Qual è il vostro percorso accademico? 

Adriano: Mi piace sottolineare che ho iniziato il mio percorso scientifico provenendo da un liceo classico. Poi, all’università, ho studiato biotecnologie in triennale e genetica e biologia molecolare in magistrale. Durante il mio lavoro di magistrale mi sono avvicinato alla bioinformatica e questo mi ha portato a fare un dottorato in bioinformatica. Oggi sono assegnista di ricerca.

Gaia: Il mio percorso è iniziato da un liceo scientifico ed è continuato con una laurea triennale in biotecnologie, una magistrale in genetica e biologia molecolare e un dottorato di ricerca in genetica e biologia molecolare. Nel 2020 sono entrata a far parte del laboratorio della professoressa Irene Bozzoni come ricercatrice di tipo A.  

abbiamo capito che i circRNA caratterizzano le cellule tumorali del rabdomiosarcoma (G.DT

Come sintetizzereste il contenuto del vostro paper?

Gaia: Il nostro studio riguarda il rabdomiosarcoma, un tumore dei tessuti molli (grasso muscolo e tessuto connettivo) molto diffuso in bambini e adolescenti. Abbiamo cercato di capire in che modo si differenzia dai tessuti sani e abbiamo scoperto che sono presenti molecole che lo caratterizzano: una classe di RNA circolari. Queste particolari molecole di RNA vengono regolate da una modifica: un accessorio che la cellula mette sugli RNA perché siano marcati e perché vengano riconosciuti da proteine cosicché possano avere storie personalizzate all’interno della cellula. Abbiamo capito che non solo questi circRNA caratterizzano le cellule tumorali del rabdomiosarcoma ma anche i livelli di questa modifica che a sua volta regola i livelli dei circRNA. Quindi c’è un legame tra questi due aspetti del tumore.

Adriano: Abbiamo scoperto quali sono alcuni degli elementi che sono implicati in questo meccanismo e il macchinario molecolare coinvolto. Esistono alcune proteine che nel tumore sono più presenti che servono a produrre più RNA circolari alcune delle quali hanno meccanismi legati alla patologia del tumore. Quindi poiché i circolari sono più presenti nel tumore e addirittura possono renderlo più aggressivo, trovare il meccanismo che li genera può essere la chiave per pensare in futuro a nuove terapie che possano colpire il meccanismo che è alterato nel tumore. 
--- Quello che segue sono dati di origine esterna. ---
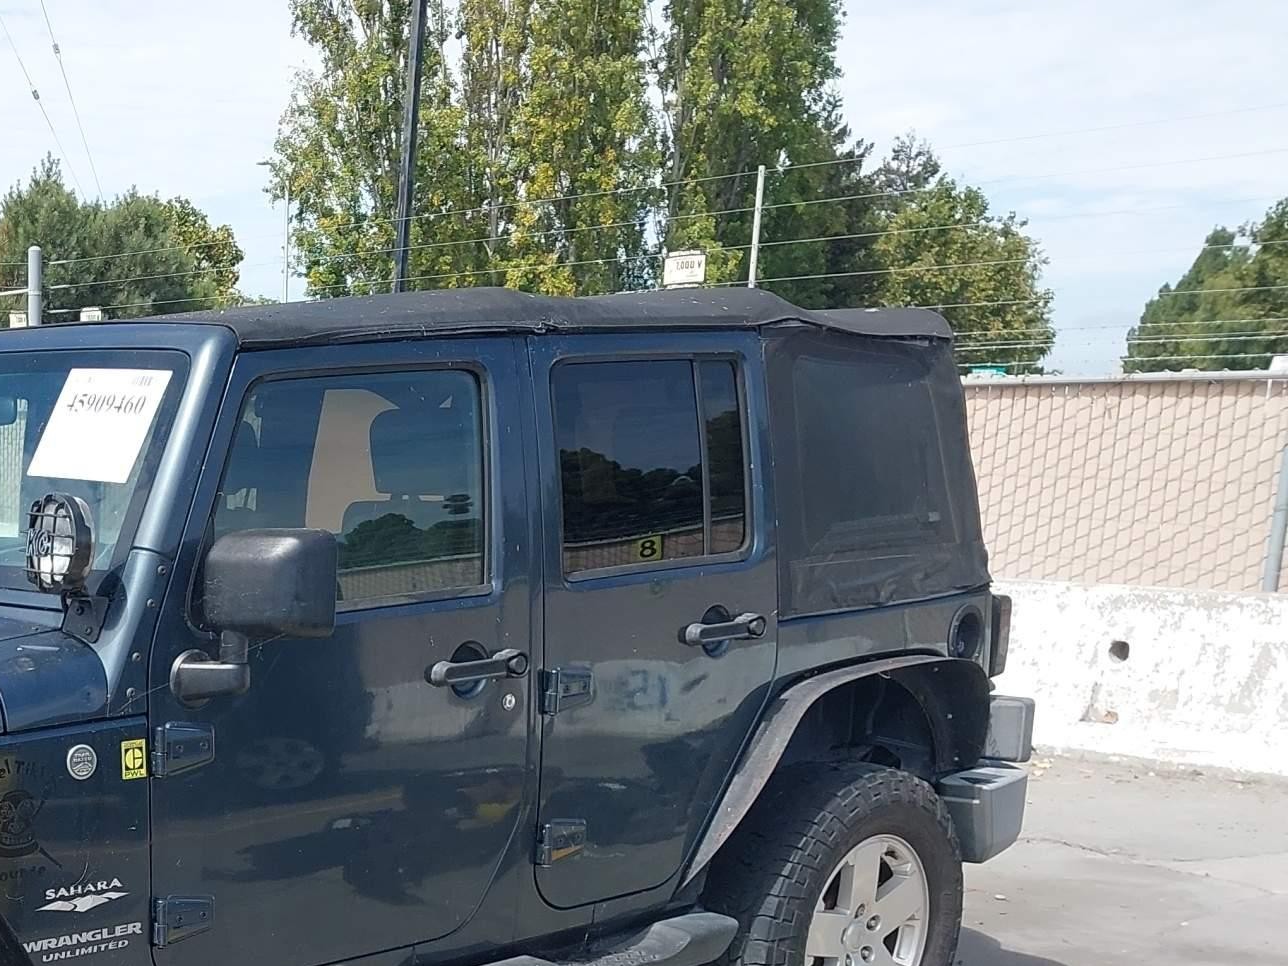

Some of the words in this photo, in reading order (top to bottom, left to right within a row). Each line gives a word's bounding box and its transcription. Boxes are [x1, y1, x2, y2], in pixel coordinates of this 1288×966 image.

[639, 540, 657, 558] 8
[45, 878, 123, 900] SAHARA
[23, 922, 144, 953] WRANGLER
[42, 940, 129, 963] UNLIMITED
abbiamo scoperto che gli RNA circolari erano più presenti nel tumore e abbiamo identificato un macchinario molecolare implicato nella loro espressione (A.S)

Come funzionano le autorship nelle pubblicazioni? Cosa cambia tra primo e ultimo nome?  

Gaia: L’autorship riconosce ad ogni autore il lavoro che ha fatto. Il primo autore corrisponde alla persona che ha messo di più in termini di energie, di tempo e di contributi intellettuali. L’ultimo autore è il PI (Principal Investigator) ossia la figura più esperta, il capo che guida il progetto di ricerca e che dà il contributo economico. Io Adriano e Dario siamo co-primi autori. Nello specifico Dario è il primo dei primi autori perché questa ricerca è stata l’oggetto del suo dottorato, io mi sono affiancata perché il progetto gemmava da quello di cui mi ero occupata durante il mio dottorato e Adriano ci ha supportati come bioinformatico. 

Come vi siete divisi i compiti?

Gaia: La ricerca pubblicata è un follow up di un progetto frutto del lavoro mio e di Dario, era la mia tesi di dottorato, e che è già stato pubblicato. In quell’occasione avevamo studiato i circolari e il contributo che questa modifica poteva dare nella loro produzione. Dario ha osservato che questa modifica è più rappresentata nel rabdomiosarcoma e quindi abbiamo disegnato degli esperimenti. Noi sperimentali abbiamo preparato dei campioni che Adriano ha poi analizzato bioinformaticamente, per capire come questi RNA fossero espressi. Quindi noi abbiamo dato l’apporto sperimentale in senso stretto, Adriano si è occupato dell’analisi bioinformatica e Irene ha guidato tutto il progetto. Tutti gli autori hanno poi contribuito insieme ad estrarre un modello dai dati che avevamo.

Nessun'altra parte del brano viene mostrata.